The Science Students’ Council, in association with the Wellness Education Centre, recently launched a month-long campaign to address the culture of fear surrounding failure by sharing different perspectives from the Western community.
From Jan. 7 to 30, the Western Perspective Project presents daily personal accounts of failure from various Western University community members, including student leaders, professors and members of the LGBTQ2+ community.
SSC members Montana Hackett, vice-president academic, and Kevin Zhang, student support commissioner, organized the initiative in an effort to promote mental health awareness and highlight the normality and importance of experiencing failure.
“When we compare ourselves to other people’s highlight reels,… we start to feel imperfect and start to evaluate ourselves as failures,” said Zhang. “People shouldn’t fear failure; they shouldn’t be ashamed of failure but should understand that it’s a normal part of life, and it’s something that everyone experiences.”
The campaign will culminate on Jan. 30 with the Bell Let’s Talk Day event in the Allyn and Betty Taylor Library with the release of a video compilation of community members vocalizing their experiences with failure and how they dealt with it.
The first week of the campaign included stories shared by USC president Mitchell Pratt, Schulich professors Anita Woods and Michael Boffa, and LGBTQ2+ community member Virgilio Manabat.
Hackett added that responses from community members have been very positive. For example, he explained Woods shared the story of how she failed a second-year cell biology course as an undergraduate.

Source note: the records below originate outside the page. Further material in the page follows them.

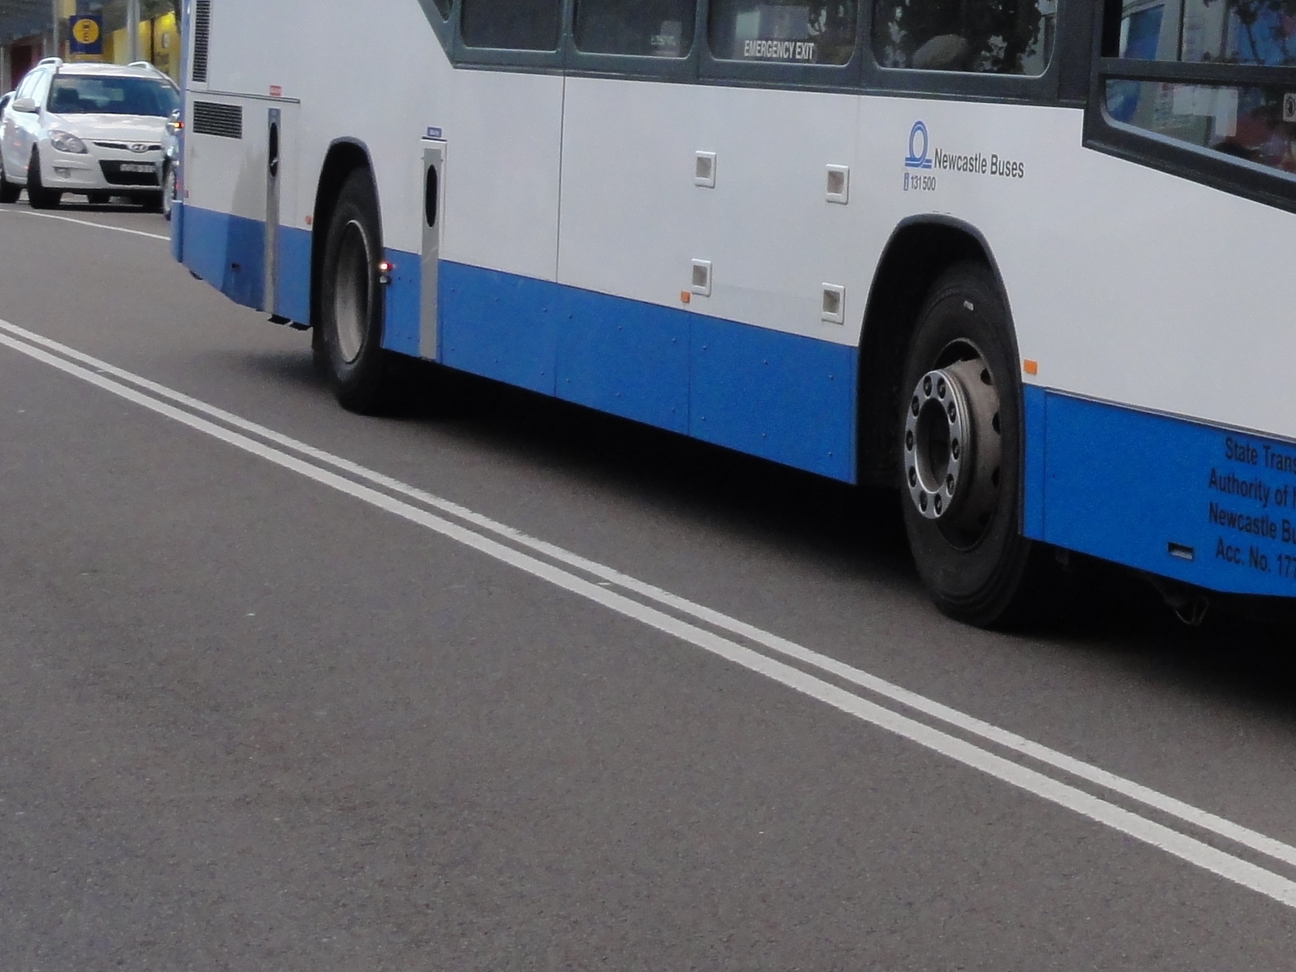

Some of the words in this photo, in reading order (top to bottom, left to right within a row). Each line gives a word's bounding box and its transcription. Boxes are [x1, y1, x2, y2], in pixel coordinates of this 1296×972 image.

[744, 40, 795, 59] EMERGENCY
[795, 41, 815, 60] EXIT
[934, 148, 988, 175] Newcastle
[990, 154, 1025, 179] Buses
[1225, 437, 1258, 465] State
[1208, 468, 1270, 508] Authority
[1275, 484, 1288, 508] of
[1209, 501, 1277, 539] Newcastle
[1215, 538, 1244, 565] Acc.
[1249, 546, 1272, 573] No.
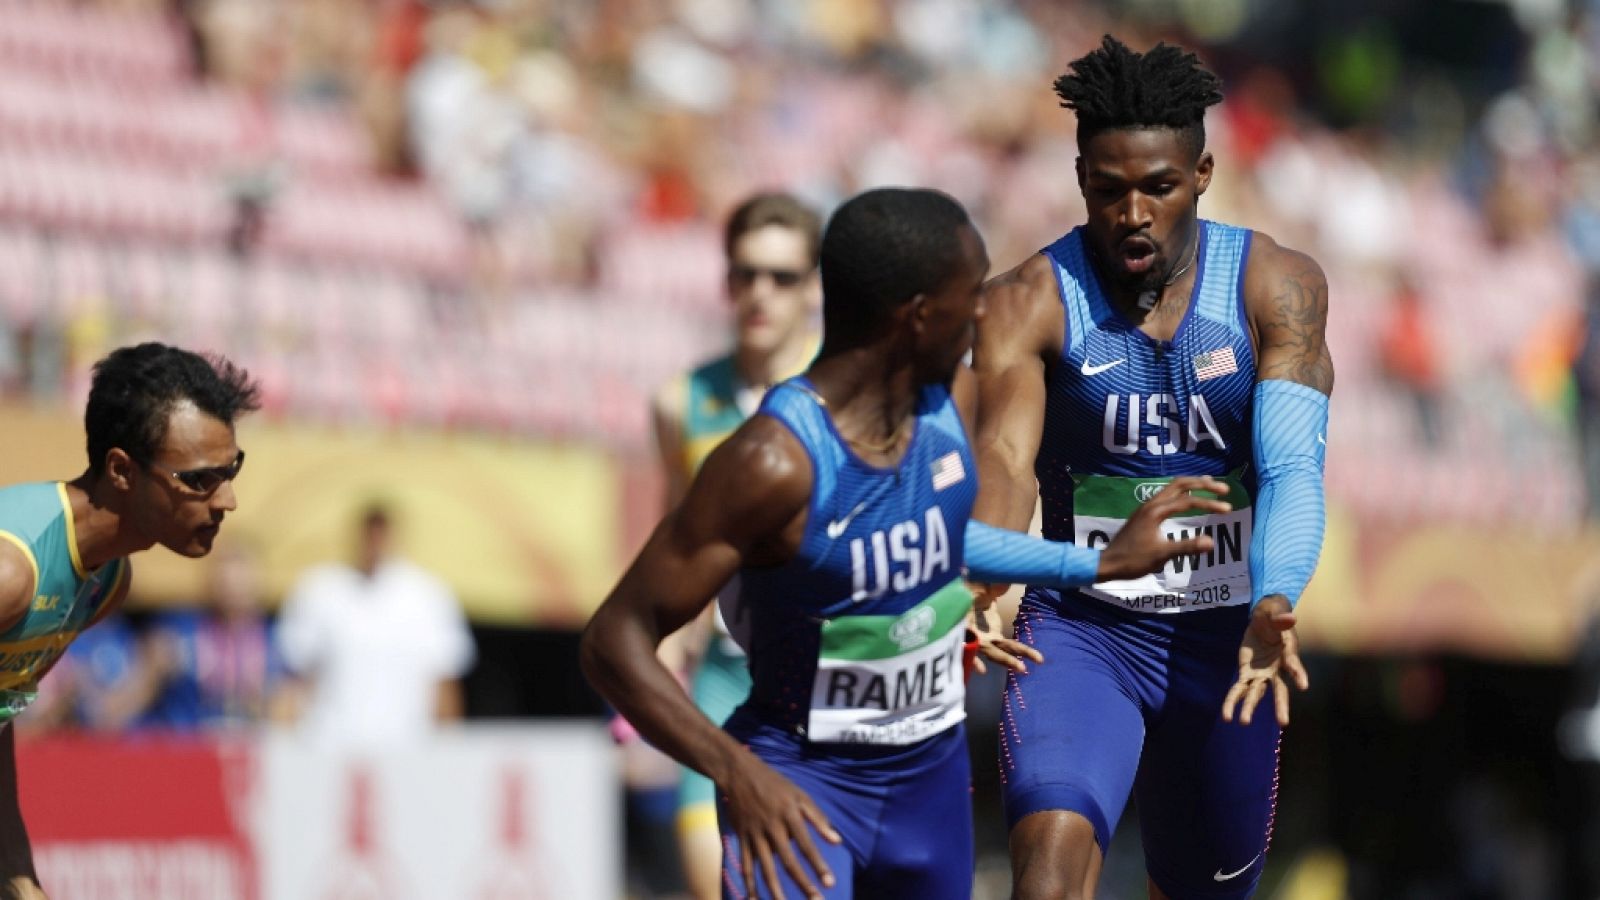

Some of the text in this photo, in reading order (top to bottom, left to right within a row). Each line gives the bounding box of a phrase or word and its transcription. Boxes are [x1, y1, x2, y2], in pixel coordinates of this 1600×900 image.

“[When] students see that, and they [see how] someone so successful, so widespread, [who] teaches these massive 800-person classes, didn't do very well in cell bio, a lot of people in Western science can relate to that,” said Hackett.
Hackett and Zhang explained they decided to expand the initiative beyond the science community to include members from all walks of life on campus in order for it to have the largest impact and outreach possible.
“We wanted to bring about not just student opinions and student perspectives, but also those of professors and leaders in our community, those who students really look up to,” said Zhang.
“If we help one person, then we'll call it a success,” said Hackett.